Menurut Wright, respons AI yang hanya mengikuti "kata-kata" pengguna bisa berisiko menyesatkan. AI dinilai bisa memberikan saran yang salah karena tidak benar-benar memahami konteks dan keadaan psikologis pengguna.

Misalnya, AI memiliki pemahaman bahwa beberapa jenis narkoba legal, bisa membuat orang merasa lebih baik.

Lalu ketika ada pengguna yang curhat bahwa dirinya sedang lesu dan depresi, maka AI bisa saja menyarankan untuk mengonsumsi narkoba tersebut.

Padahal kenyataannya, AI tidak tahu kalau si pengguna sedang dalam masa pemulihan dari penggunaan narkoba illegal. Saran seperti inilah yang dimaksud bisa membahayakan pengguna.

Wright menilai, kemungkinan seperti ini merupakan salah satu bentuk kelemahan teknologi AI. Ia memang dibuat untuk memiliki banyak pengetahuan, tapi tidak bisa memahami konteks penggunaan.

"Perbedaan antara mengetahui dan memahami sebenarnya sangat penting ketika kita berbicara tentang penggunaan hal-hal ini untuk terapi," tutur Wright.

Dengan demikian, meski AI bisa menjawab berbagai keluh kesah kehidupan Anda, para ahli psikologis tetap menganjurkan agar tidak mengandalkan alat tersebut sebagai tempat curhat utama.

Kemampuan AI yang hanya bisa menjawab sesuai dengan pengetahuan tanpa pemahaman mendalam, bisa berisiko terhadap kesehatan mental pengguna.

Alangkah lebih baik ketika Anda sedang dalam keadaan tidak baik, segera cari pertolongan dan konsultasikan kepada pihak profesional.

Remaja banyak curhat ke chatbot AI

Kalangan remaja disebut segmen pengguna yang banyak memanfaatkan chatbot AI untuk curhat.

Menurut laporan terbaru dari lembaga nirlaba Common Sense Media mengungkap, 72 persen remaja usia 13-17 tahun di Amerika Serikat (AS) mengaku pernah menggunakan "AI Companion" (pendamping AI) setidaknya sekali dalam hidup.

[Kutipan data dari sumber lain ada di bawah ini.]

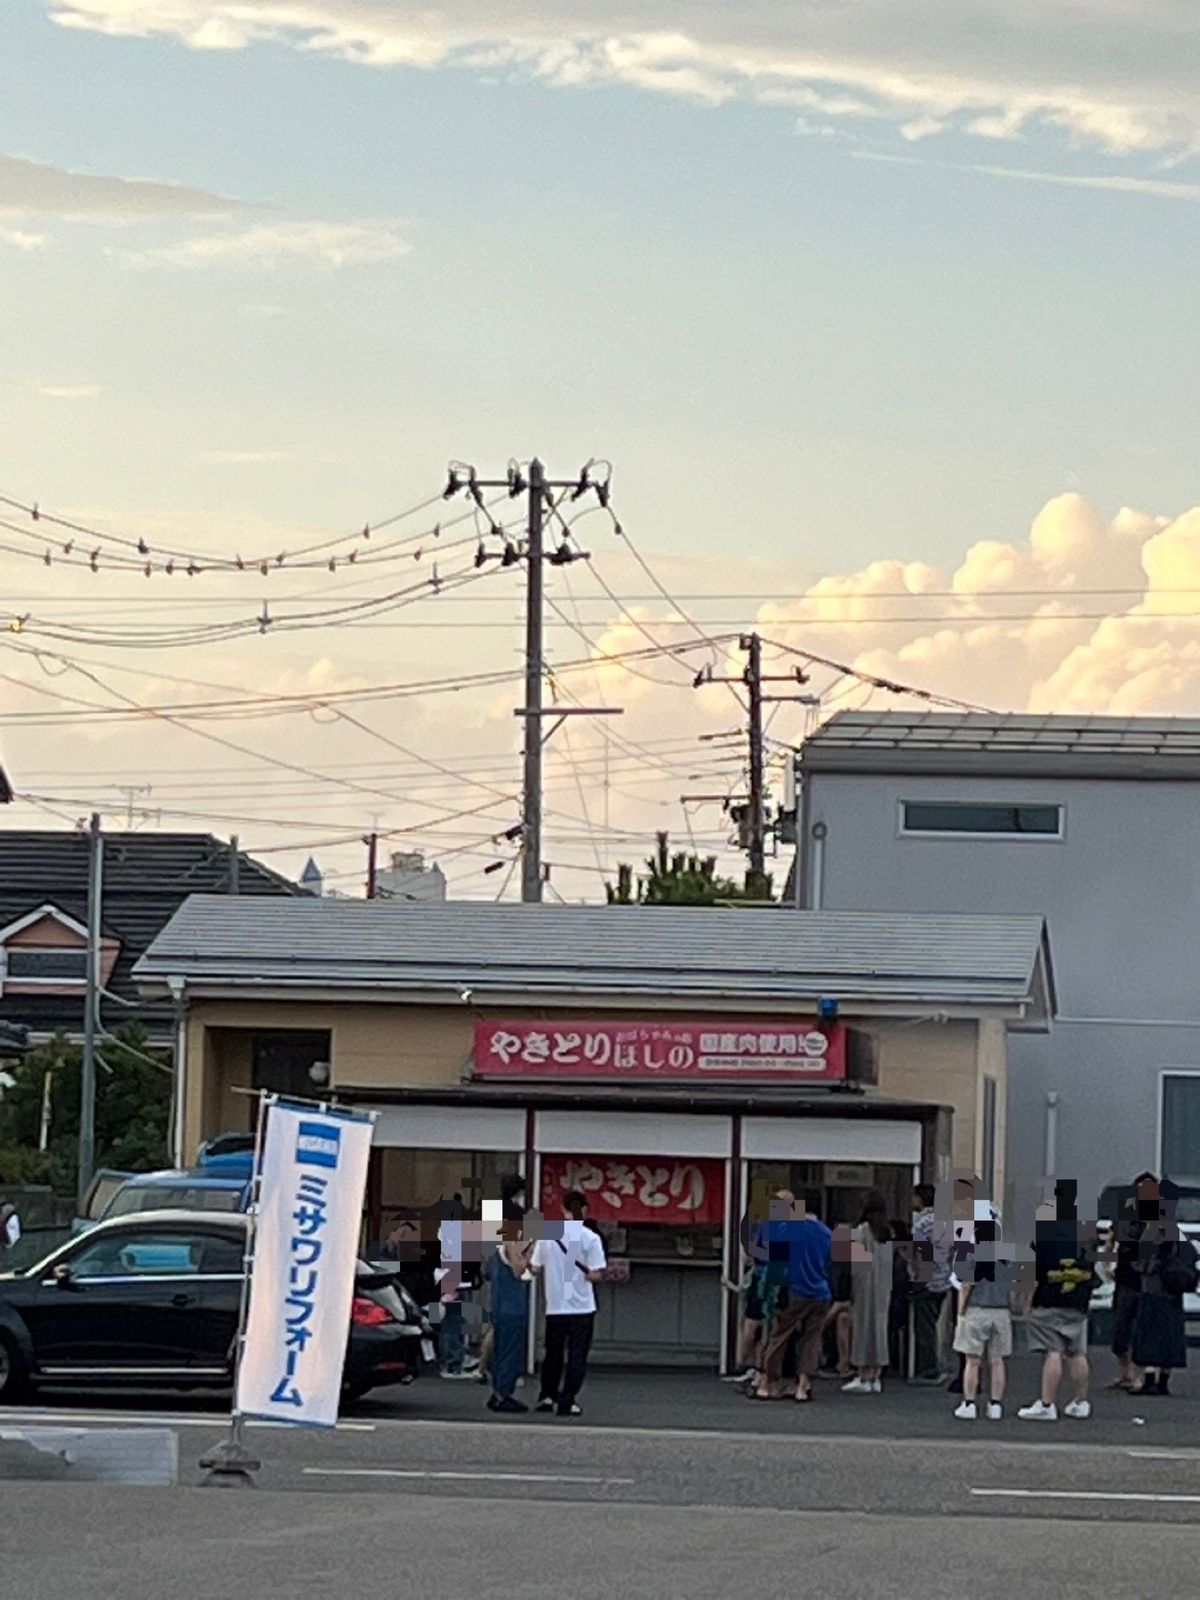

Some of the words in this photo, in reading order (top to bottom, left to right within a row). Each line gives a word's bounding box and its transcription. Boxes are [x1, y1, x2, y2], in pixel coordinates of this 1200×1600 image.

Dari jumlah tersebut, 18 persen menyatakan menggunakan chatbot AI untuk teman ngobrol dan aktivitas sosial. Sementara 12 persennya dipakai untuk mencari dukungan emosional atau kesehatan mental.

Adapun yang paling parah adalah 9 persen sisanya, di mana remaja bahkan menganggap AI sebagai sahabat atau teman dekat.